Published online May 27, 2020. doi: 10.4254/wjh.v12.i5.230
Peer-review started: December 6, 2019
First decision: December 26, 2019
Revised: February 29, 2020
Accepted: April 4, 2020
Article in press: April 4, 2020
Published online: May 27, 2020
Alcoholic liver disease (ALD) is one of the main causes of chronic liver disease worldwide. Individuals with long-term significant alcohol consumption remain at risk for liver disease that may range from alcoholic steatohepatitis to cirrhosis and hepatocellular carcinoma.
It is important to know the epidemiology of ALD within a specific region/country to better understand which resources might be necessary to improve management. ALD might have been overlooked in recent years due to recent therapy advances in other Hepatology fields.

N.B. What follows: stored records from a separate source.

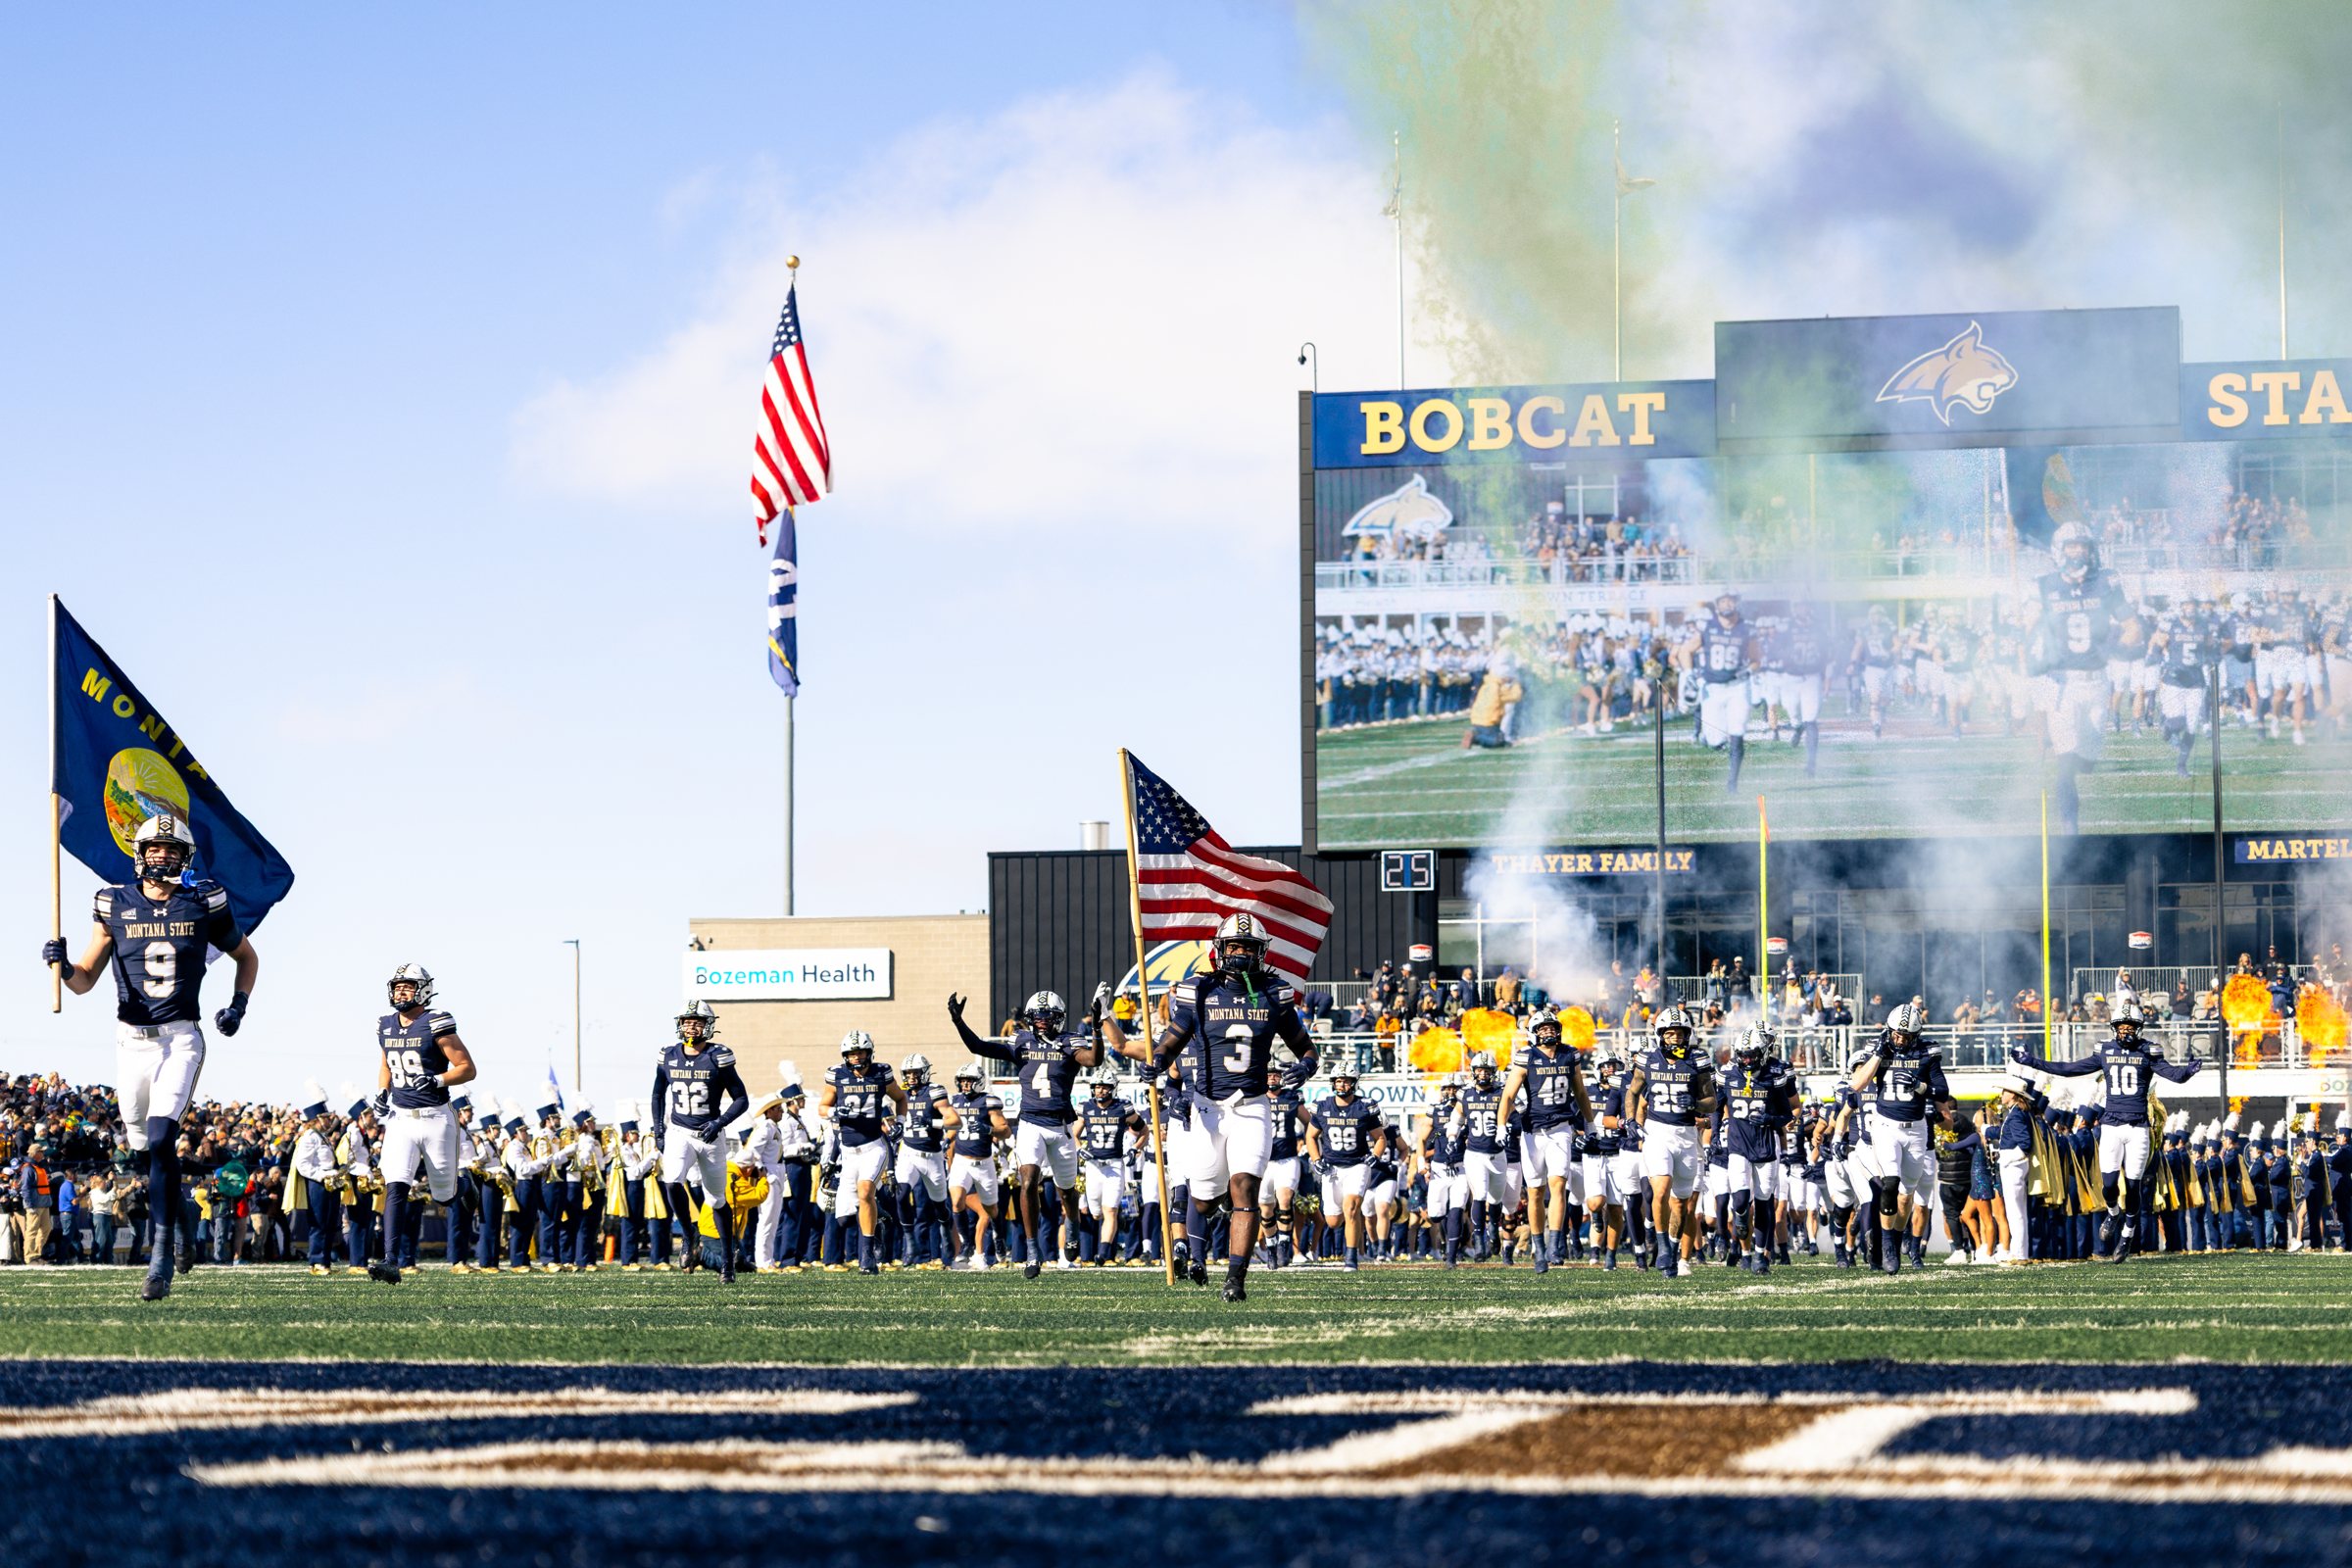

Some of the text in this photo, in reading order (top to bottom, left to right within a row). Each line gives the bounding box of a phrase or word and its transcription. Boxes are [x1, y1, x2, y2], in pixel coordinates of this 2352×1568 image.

[2207, 369, 2352, 427] STA
[1359, 392, 1666, 455] BOBCAT
[81, 667, 220, 791] MONTA
[1492, 851, 1694, 874] THAYER FAMILY
[2247, 838, 2352, 860] MARTEL
[1387, 855, 1429, 886] 25
[124, 922, 195, 939] MONTANA STATE
[143, 942, 176, 999] 9
[696, 963, 875, 985] Bozeman Health
[1208, 1008, 1269, 1021] MONTANA STATE
[406, 1038, 421, 1048] STATE
[1223, 1024, 1253, 1073] 3
[387, 1051, 424, 1088] 89
[694, 1069, 710, 1079] STATE
[1032, 1063, 1051, 1098] 4
[1675, 1073, 1690, 1082] STATE
[2110, 1065, 2138, 1096] 10
[671, 1081, 710, 1115] 32
[1538, 1076, 1568, 1104] 48
[1651, 1083, 1689, 1113] 25
[1091, 1125, 1118, 1149] 37

To describe the epidemiological profile of hospital admissions due to ALD in different regions of Brazil from 2006 to 2015, including the mortality rates and admissions according to age range.
This is a descriptive study that has evaluated aggregate data. Data from the five Brazilian geographic regions were used for the study.

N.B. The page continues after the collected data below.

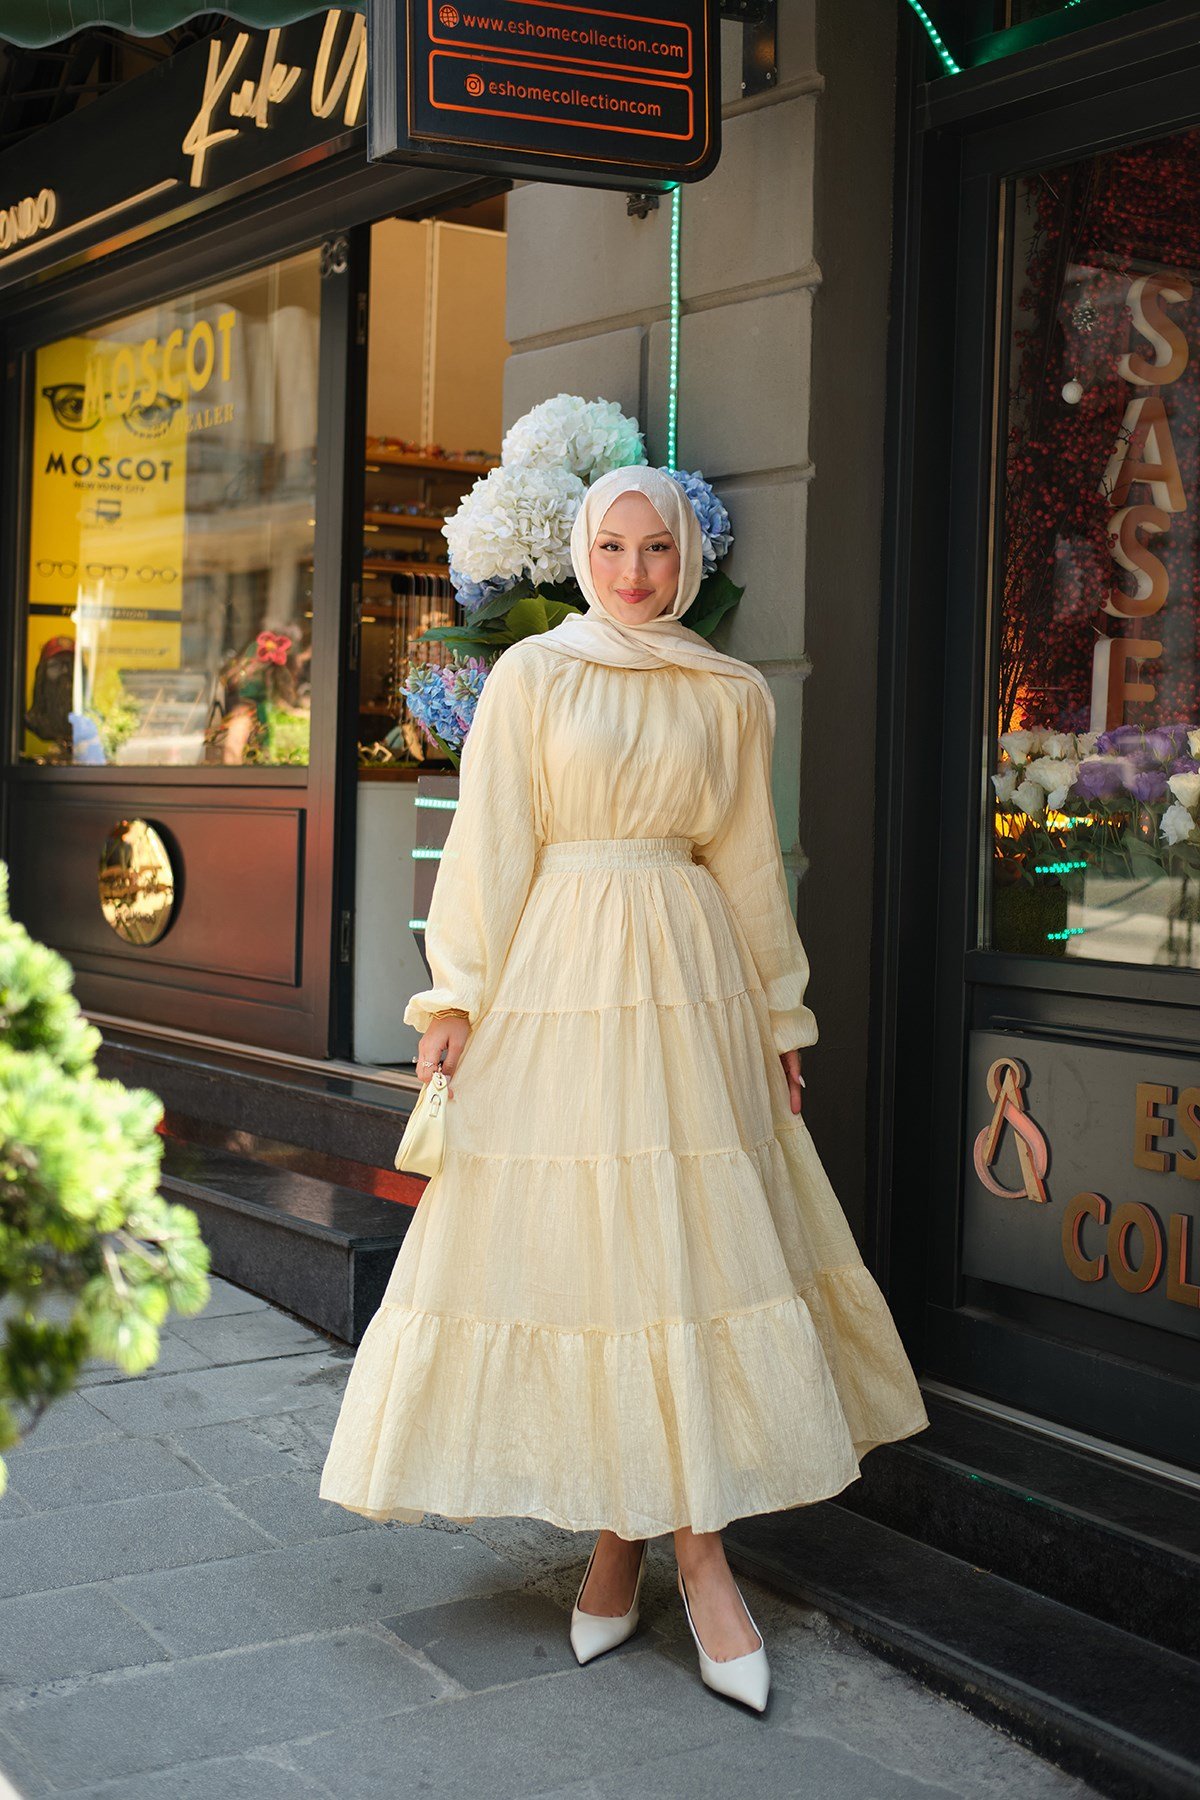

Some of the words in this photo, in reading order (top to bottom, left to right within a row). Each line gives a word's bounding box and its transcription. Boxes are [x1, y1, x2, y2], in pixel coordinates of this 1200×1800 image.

[462, 12, 684, 58] www.eshomecollection.com
[488, 81, 662, 117] eshomecollectioncom
[82, 310, 236, 425] MOSCOT
[45, 451, 172, 483] MOSCOT
[1061, 1191, 1200, 1309] COL

There was a 34.07% increase in the total number of admissions over these 10 years, from 12879 in 2006 to 17267 in 2015 as well as a 24.72% increase in the total number of ALD deaths between 2006 and 2015. We found that the age group between 50 and 59 years had the highest proportion of both hospitalizations and deaths: 28.94% (n = 46329) of total hospital admissions and 29.43% (n = 28864) of all deaths. Men were more frequently hospitalized than women and had the highest proportions of deaths in all regions. Mortality coefficient rates increased over the years, and simple linear regression analysis indicated a statistically significant upward trend in this mortality (R² = 0.744).
Our study has provided a landscape of the epidemiological profile of public hospital admissions due to ALD in Brazil. We detected an increase in the total number of admissions and deaths due to ALD over 10 years.
This study signals the need to be alert to this liver illness and to possibly revisit policies related to alcohol marketing, sales, and consumption.